In January 1982 I interviewed six First World War veterans at the Royal Hospital Chelsea. Alf Worrell was the first man I was introduced to. A regular soldier who had joined the 4th (Royal Irish) Dragoon Guards in the autumn of 1910, Alfred was on horseback in France within a few days of the 1914-1918 war being declared. This is his description of those early days.

"On August 4th 1914 until 24th August 1914, an army of 75,000 men, with all their equipment was shipped from England over to Belgium and they actually started fighting on the 22nd August 1914. That was when the first shot was fired and that shot was fired by the big drummer of my regiment.

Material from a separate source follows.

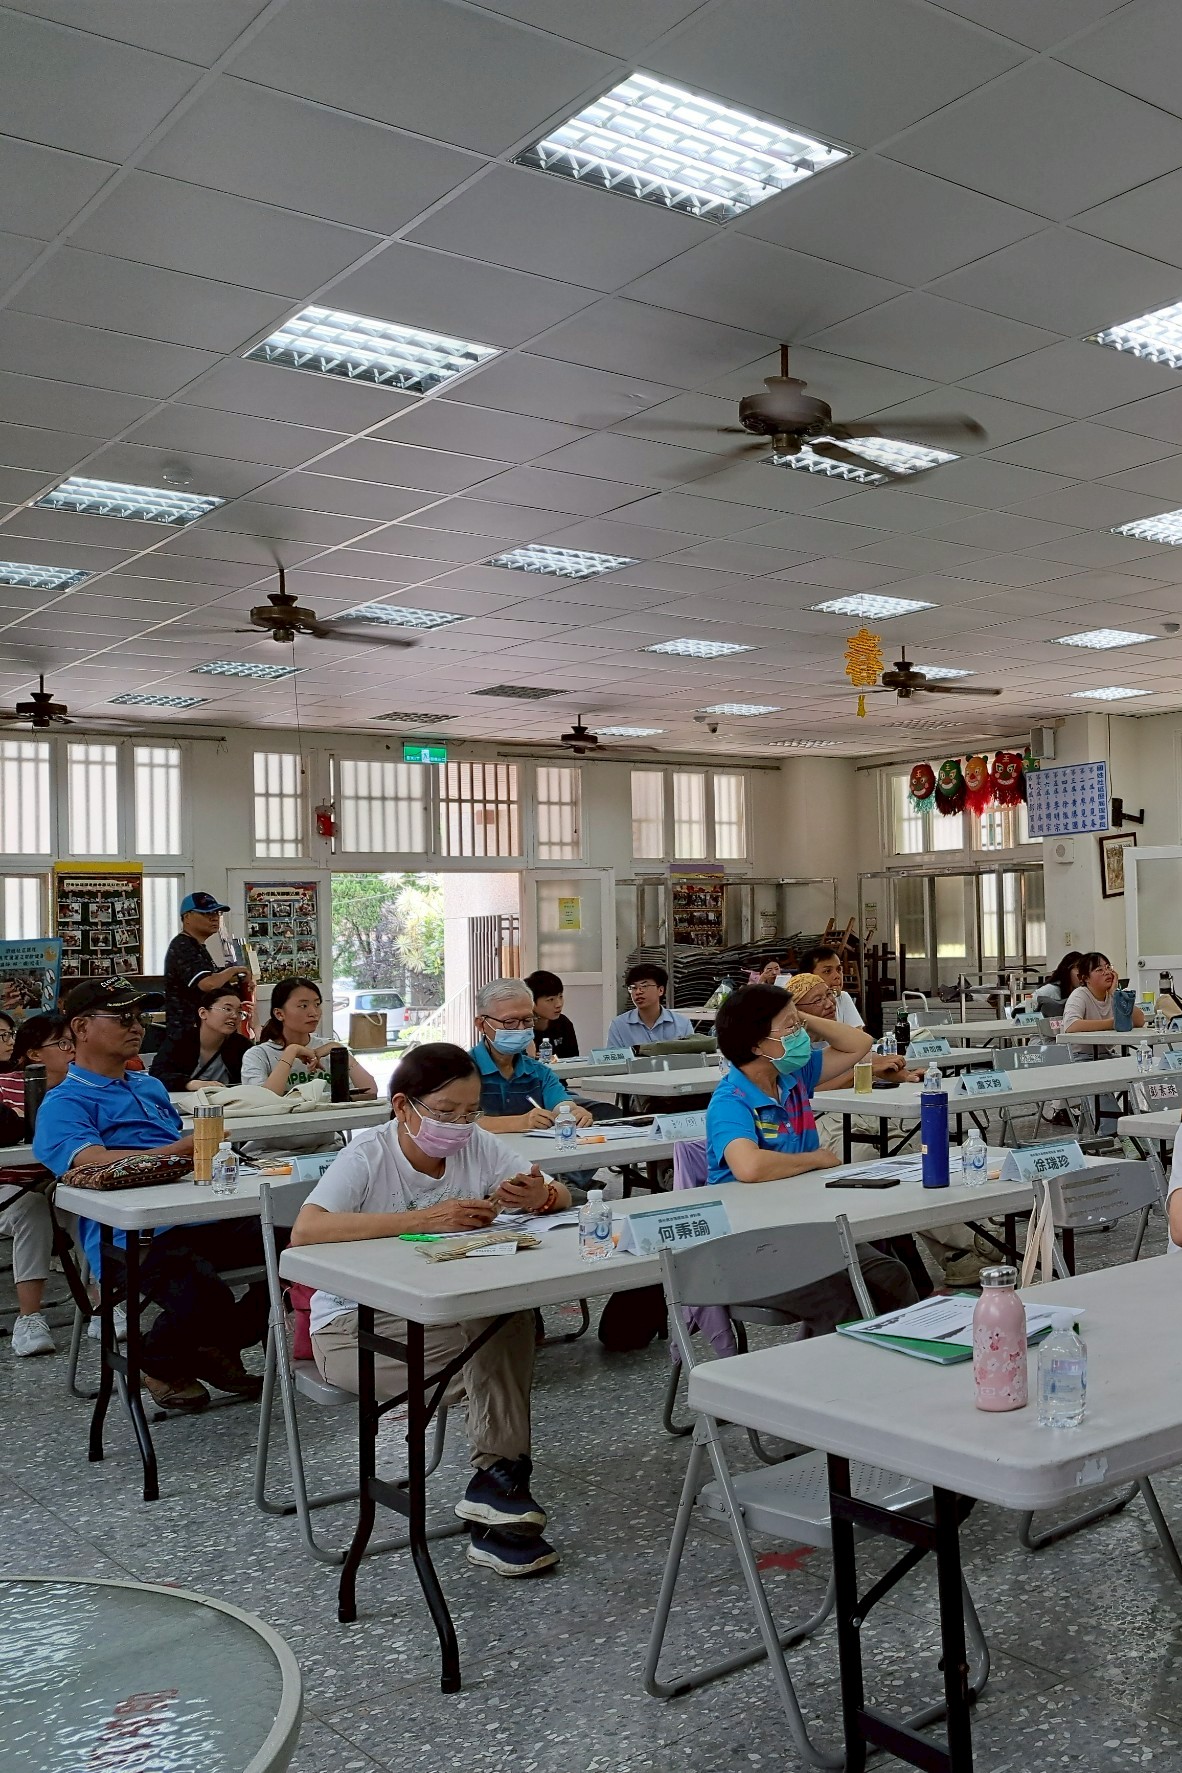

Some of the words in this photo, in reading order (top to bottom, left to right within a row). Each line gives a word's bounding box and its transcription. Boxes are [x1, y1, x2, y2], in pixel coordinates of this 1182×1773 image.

[1033, 1154, 1070, 1173] 徐瑞珍
[658, 1219, 711, 1243] 何秉諭
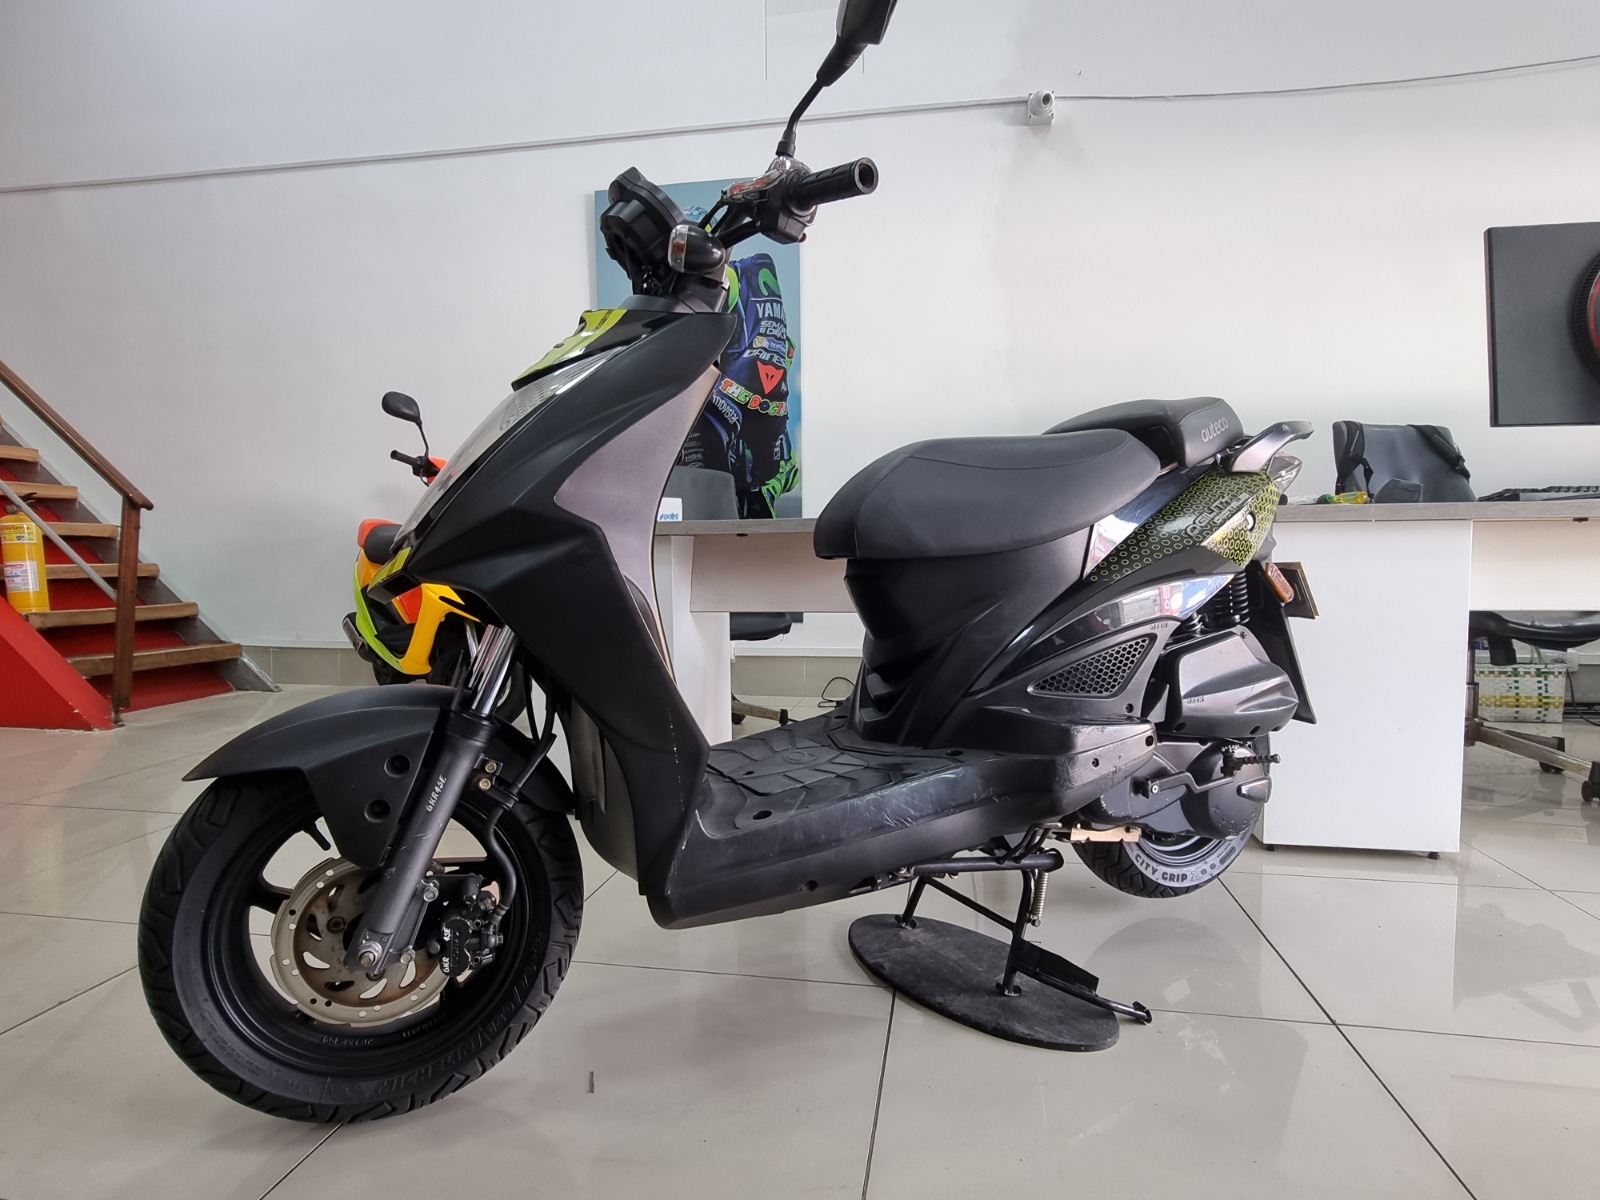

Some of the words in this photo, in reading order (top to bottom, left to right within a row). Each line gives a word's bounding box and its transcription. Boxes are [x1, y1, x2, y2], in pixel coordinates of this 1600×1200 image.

"He was the man who fired the first shot and I was in one of the scouting parties that helped to find the advance guard of the German Army at a little place called Casteau about three miles to the north east of Mons. That was on the 22nd August.

"We then had the 5th Division which consisted of all these infantry battalions. Between the 22nd and the 24th they’d come up from down country by train most of them, and marching, and they’d got in position by the morning of the 24th. But by that time, where we’d got somewhere around the region of about 50,000 up along the front, the Jerry had got there with 400,000 and he had got everything right up in the front; big guns and everything. And also he’d got nearly another civilian army at the back of us which was known as the 5th Army; the German 5th Army, all civilians. Well as we moved they moved and within twenty four hours he got us moving, driving us back.

"But, as British soldiers there was one god that we had and that was the Sam Browne belt which was worn by officers only. And where we saw a Sam Browne belt we rallied round him and there wasn’t one English officer that had got a full complete unit of his own men.

"We retired and we fell back and we had our first real rest around St Quentin because the Jerry was running around. But we retired back again from St Quentin to within eighteen kilometres of Paris. Then we had our first wash since we started. Some of the poor old infantry had got no boots on their feet but we equipped and in six days we turned around and fought him back. It took him five weeks to send us but we sent him back in six."

The photograph at the head of this post shows Alfred Worrell, right, in his Chelsea Penisoner scarlet coat, standing next to fellow Chelsea Pensioner Charles Quinnell at the Menin Gate. The photo appears in Before Endeavours Fade by Rose Coombs.